> _DATA SECTION_
● ● ● ● ● ● ●
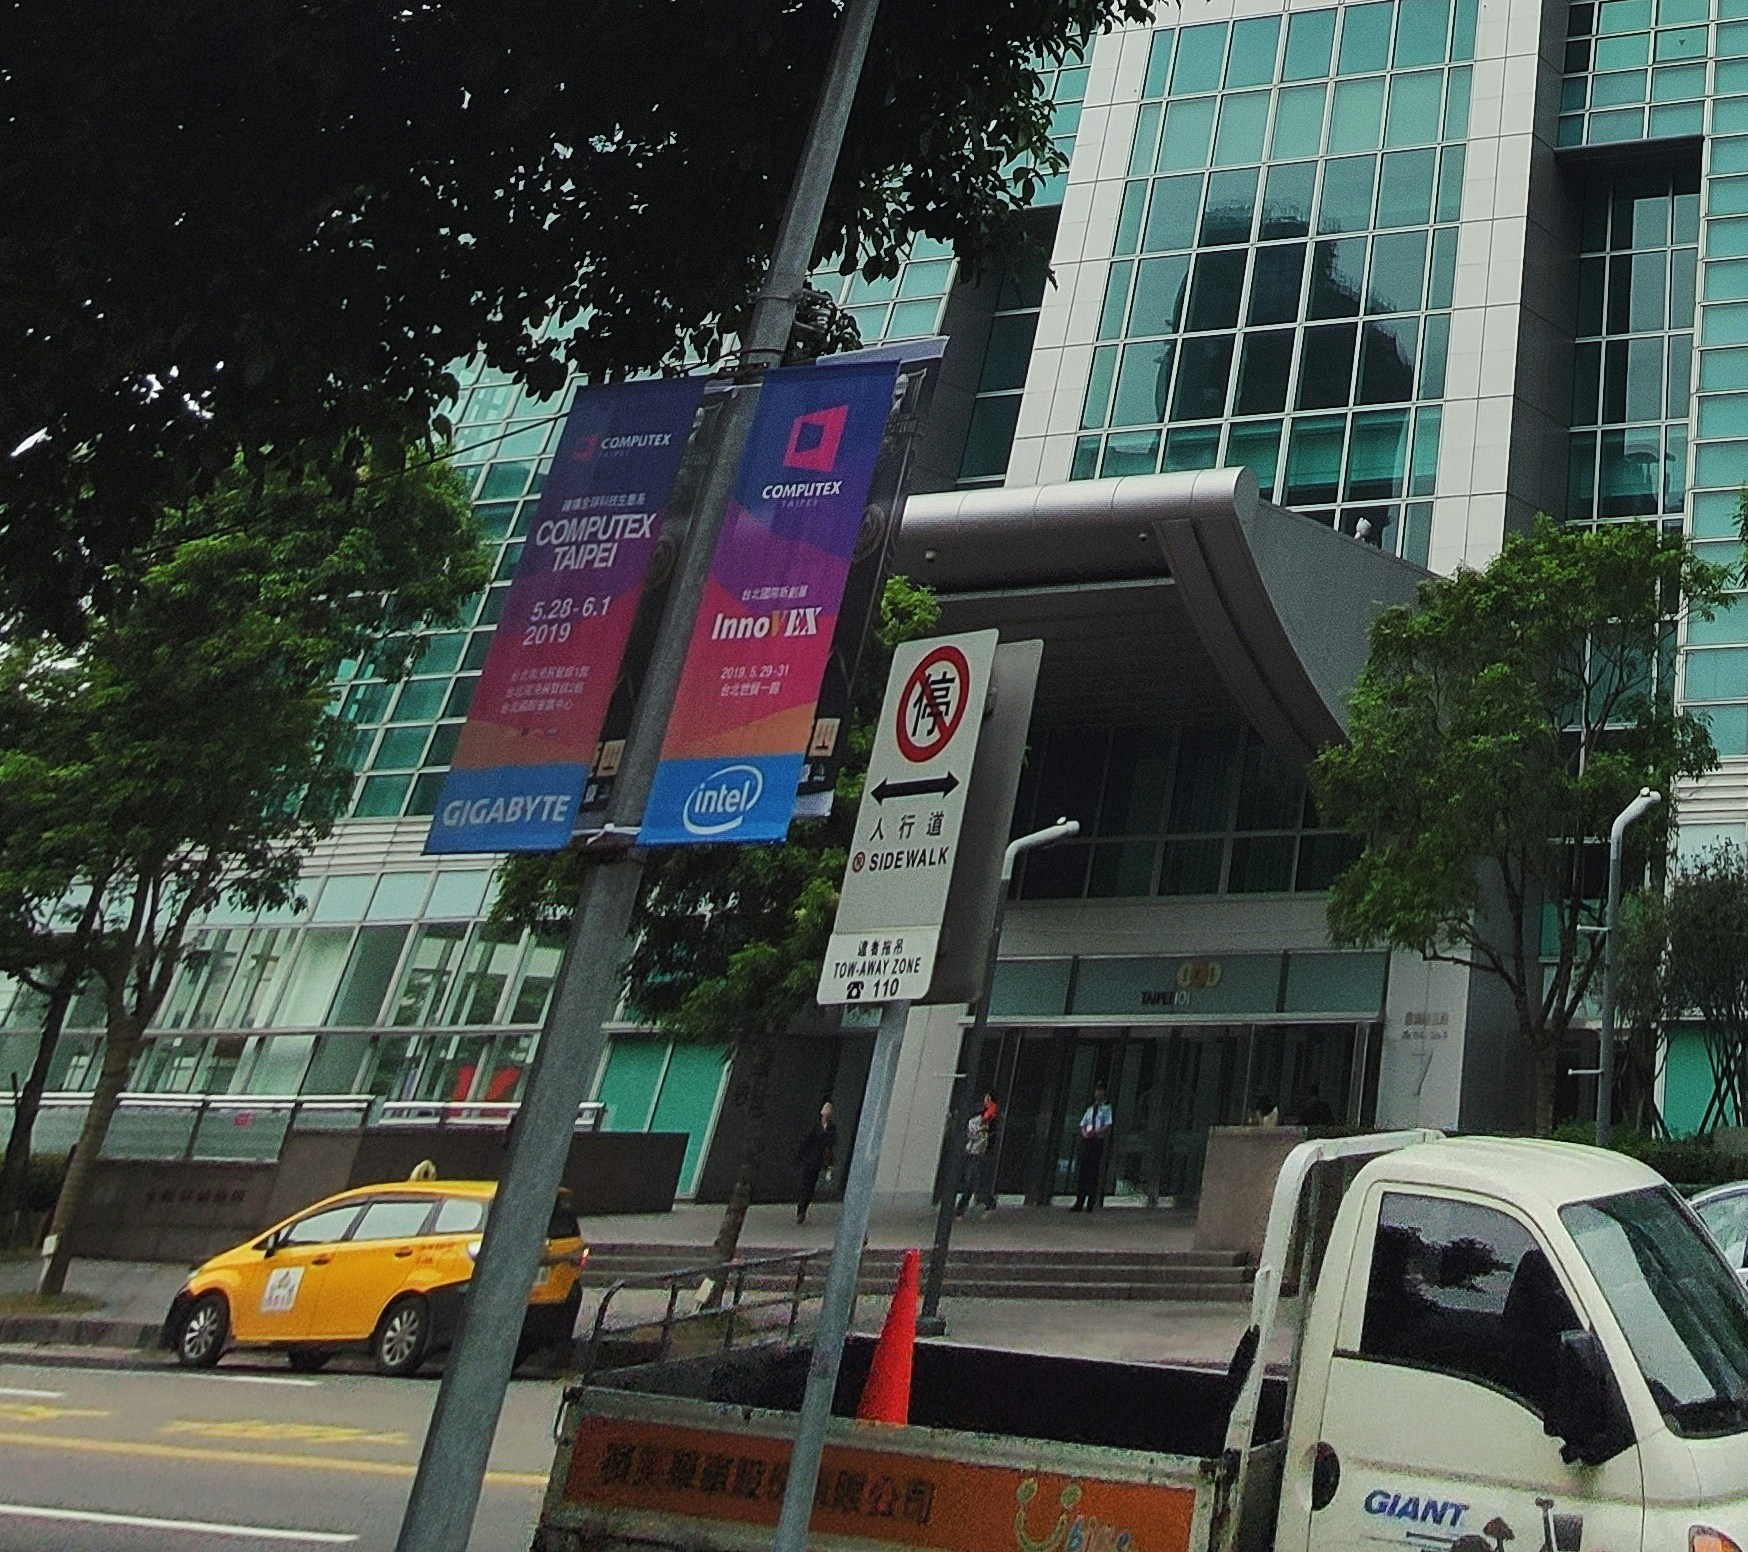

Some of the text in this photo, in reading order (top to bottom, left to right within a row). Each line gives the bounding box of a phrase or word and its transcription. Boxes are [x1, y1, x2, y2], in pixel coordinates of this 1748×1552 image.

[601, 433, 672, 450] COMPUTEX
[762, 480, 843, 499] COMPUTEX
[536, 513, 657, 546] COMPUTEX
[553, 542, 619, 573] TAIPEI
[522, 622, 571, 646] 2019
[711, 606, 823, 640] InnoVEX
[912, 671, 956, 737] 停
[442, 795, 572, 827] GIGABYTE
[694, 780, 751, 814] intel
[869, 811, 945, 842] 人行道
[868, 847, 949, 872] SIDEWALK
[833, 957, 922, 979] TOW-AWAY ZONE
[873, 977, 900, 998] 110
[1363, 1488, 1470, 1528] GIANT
● ● ● ● ● ● ●
> _HOW TO COMPLETE THIS TASK_
Copy out the records exactly; the pictures stay behind.

> _COMPLETED TASK_
Some of the text in this photo, in reading order (top to bottom, left to right within a row). Each line gives the bounding box of a phrase or word and its transcription. Boxes are [x1, y1, x2, y2], in pixel coordinates of this 1748×1552 image.

[601, 433, 672, 450] COMPUTEX
[762, 480, 843, 499] COMPUTEX
[536, 513, 657, 546] COMPUTEX
[553, 542, 619, 573] TAIPEI
[522, 622, 571, 646] 2019
[711, 606, 823, 640] InnoVEX
[912, 671, 956, 737] 停
[442, 795, 572, 827] GIGABYTE
[694, 780, 751, 814] intel
[869, 811, 945, 842] 人行道
[868, 847, 949, 872] SIDEWALK
[833, 957, 922, 979] TOW-AWAY ZONE
[873, 977, 900, 998] 110
[1363, 1488, 1470, 1528] GIANT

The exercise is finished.